Why do we not care about a thousand dead Indonesians?

Reuters

Days after the deadly earthquake measuring 7.5 on the Richter scale struck the island of Sulawesi in Indonesia, and the huge tsunami destroyed large parts of it, the dimensions of the disaster are becoming increasingly clear. Roughly 1,300 people have been killed so far from this disaster, and the death toll could reach thousands.

It seems that the higher the death toll, the greater the indifference in the world. Just to refresh our memory, the earthquake that struck Indonesia in 2004 and the subsequent tsunamis took 230,000 victims. The entire world was mobilized for help, but the current disaster is hardly arousing much sympathy in the world beyond the typical headlines.

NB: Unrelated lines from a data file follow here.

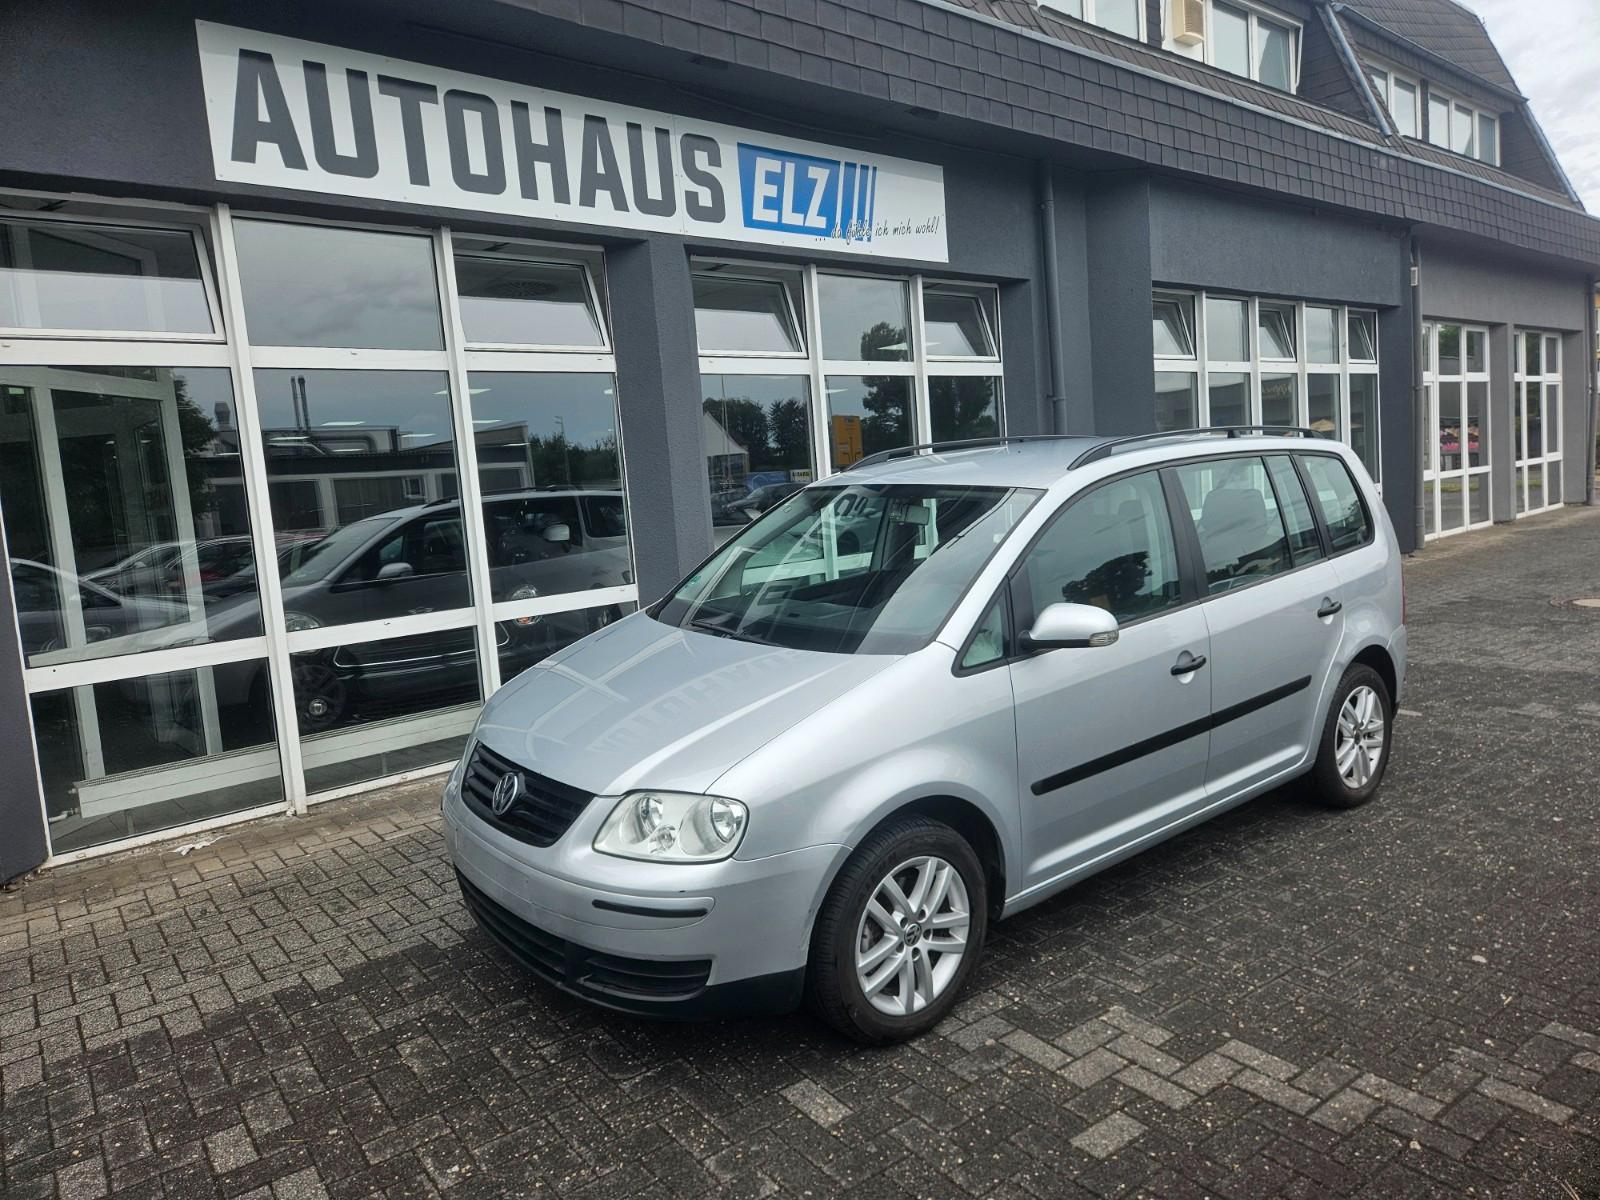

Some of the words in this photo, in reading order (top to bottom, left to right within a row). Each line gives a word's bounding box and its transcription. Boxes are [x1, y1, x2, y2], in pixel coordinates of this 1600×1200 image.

[231, 48, 726, 224] AUTOHAUS
[752, 156, 831, 229] ELZ
[875, 219, 889, 237] ich
[892, 218, 912, 237] mich
[915, 215, 941, 235] wohl!

Hurricane Florence, which hit the South Carolina coast two weeks ago and took a total of six victims, received ongoing media coverage on an international scale.

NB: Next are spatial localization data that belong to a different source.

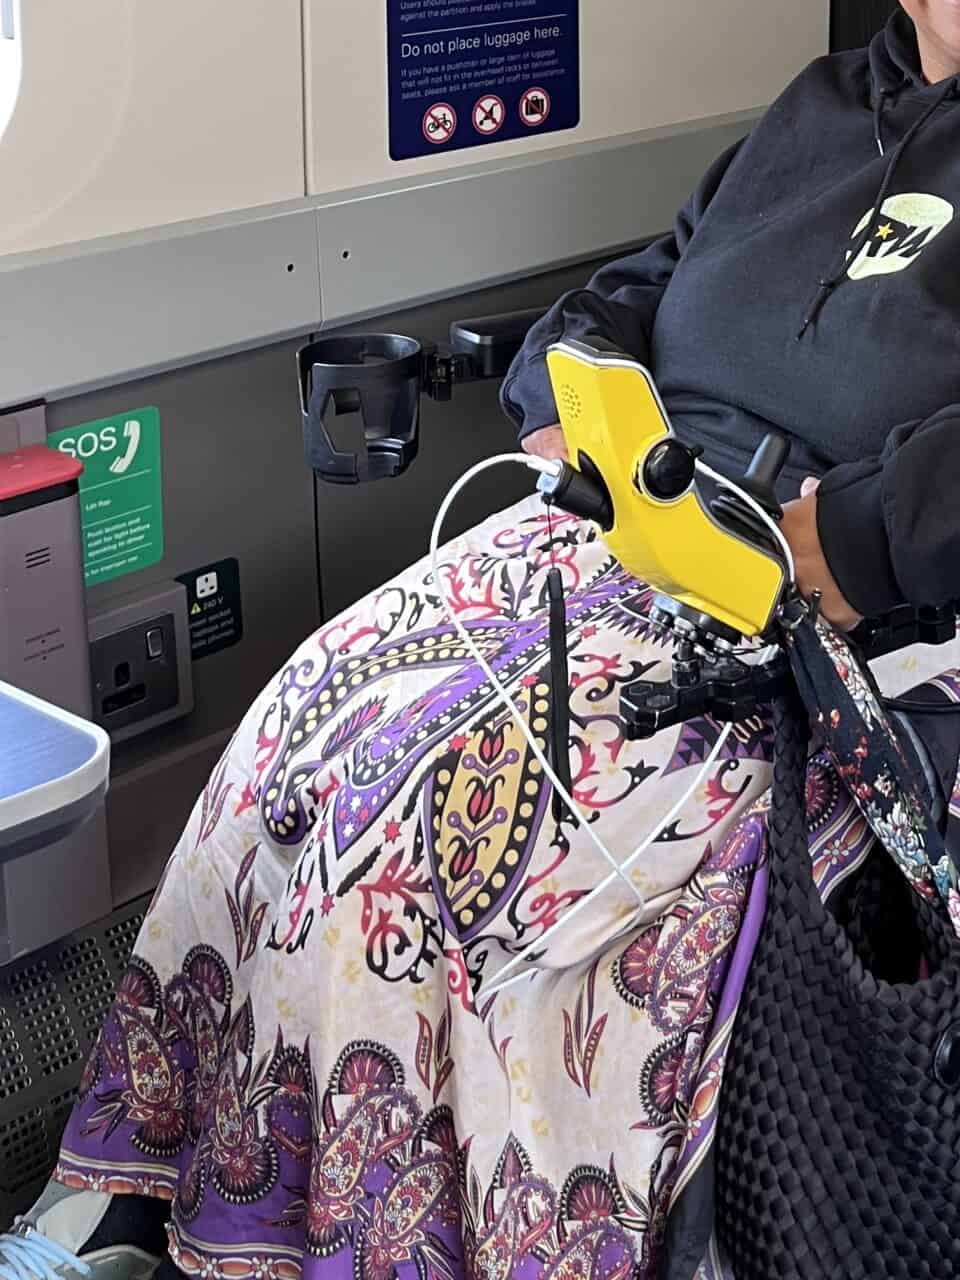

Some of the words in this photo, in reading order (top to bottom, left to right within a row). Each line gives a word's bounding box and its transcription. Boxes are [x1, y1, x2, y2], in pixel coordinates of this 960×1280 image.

[401, 43, 420, 58] Do
[424, 41, 444, 55] not
[448, 37, 481, 54] place
[484, 31, 531, 47] luggage
[58, 425, 117, 459] SOS

Alongside the destroyed roads in Indonesia are signs reading “we need food” and “we need help.” International rescue teams find it difficult to operate without proper equipment, tens of thousands of injured residents are in need of treatment. Hundreds of thousands have lost their homes, and in whole areas, hundreds of people are still trapped under collapsed structures. Their voices have gone silent and the rescue forces may never reach them.

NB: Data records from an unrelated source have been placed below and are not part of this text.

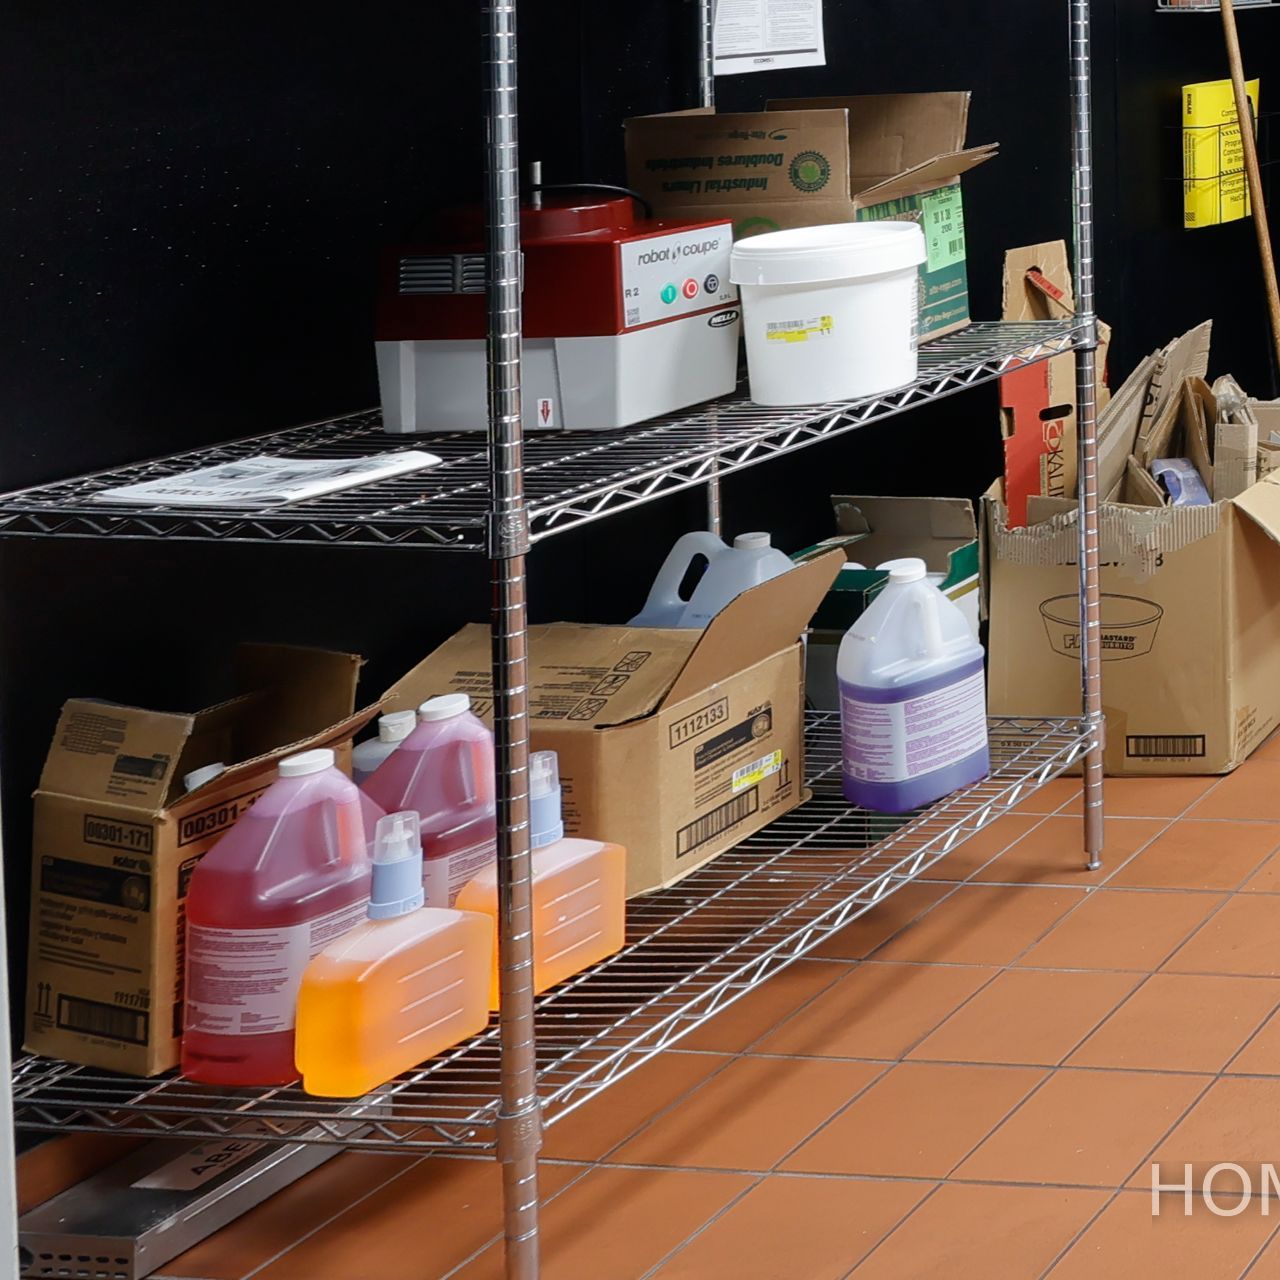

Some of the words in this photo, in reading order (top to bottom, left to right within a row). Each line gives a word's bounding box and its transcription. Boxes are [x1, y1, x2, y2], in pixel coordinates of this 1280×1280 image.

[704, 177, 768, 193] Industrial
[638, 247, 670, 266] robot
[682, 239, 719, 256] coupe
[625, 289, 632, 298] R
[633, 287, 640, 297] 2
[711, 311, 737, 323] NELLA
[1100, 634, 1134, 642] ASTARD
[1100, 641, 1135, 650] URRITO
[674, 705, 724, 741] 1112133
[183, 793, 264, 838] 00301-1
[87, 821, 150, 848] 00301-171

The world, which only a month ago was nervously following a nerve-racking rescue of a group of boys outside a cave in northern Thailand, prefers to be occupied with Trump’s and Percy’s speeches.

It’ll be a mistake to think that Indonesia’s influence somewhere in Southeast Asia is remote. We live in an integrated global world, and the various disasters that have plagued us in recent decades illustrate the interdependence that characterizes the global system we live in.

On face value, nations associate themselves with international organizations whose declared goal is the general good, but in practice, they merely advance their own private interests. The World Trade Organization, NATO, the Organization of the Islamic Conference (G8), the OECD, the UN, the EU and even the Internet — are just a few examples of the networks we have created, and yet, it’s all mostly for show.

We lack the awareness that we’re all sailing stormy seas together on a single boat — that the storm is coming and may drown us together. The exploitive competition between us driven by unfettered egoism that characterizes the human race, prevents us from feeling that we are one big family.

However, nature does not recognize international boundaries, does not distinguish between rich and poor, and does not skip anyone. Nature shows us how vulnerable we all are. Ultimately, nature’s system will force us to recognize our interdependence and achieve balance in human society.

Whether we learn it the hard way or the easy way, we will come to see that we’re all one and there’s no difference between Indonesian and American, between European and African, between developed and third world countries. We live together on a single planet, and in the eyes of nature, we are all equal. No one is more important than the other.

Rather than ignoring this reality until it hits us in our face, we can consciously raise ourselves to a higher level of human connection through education and practice. When we begin to do so, our concern for all of humanity will grow and expand, we will naturally find the ways to build a safe, beautiful and good life for everyone on the planet.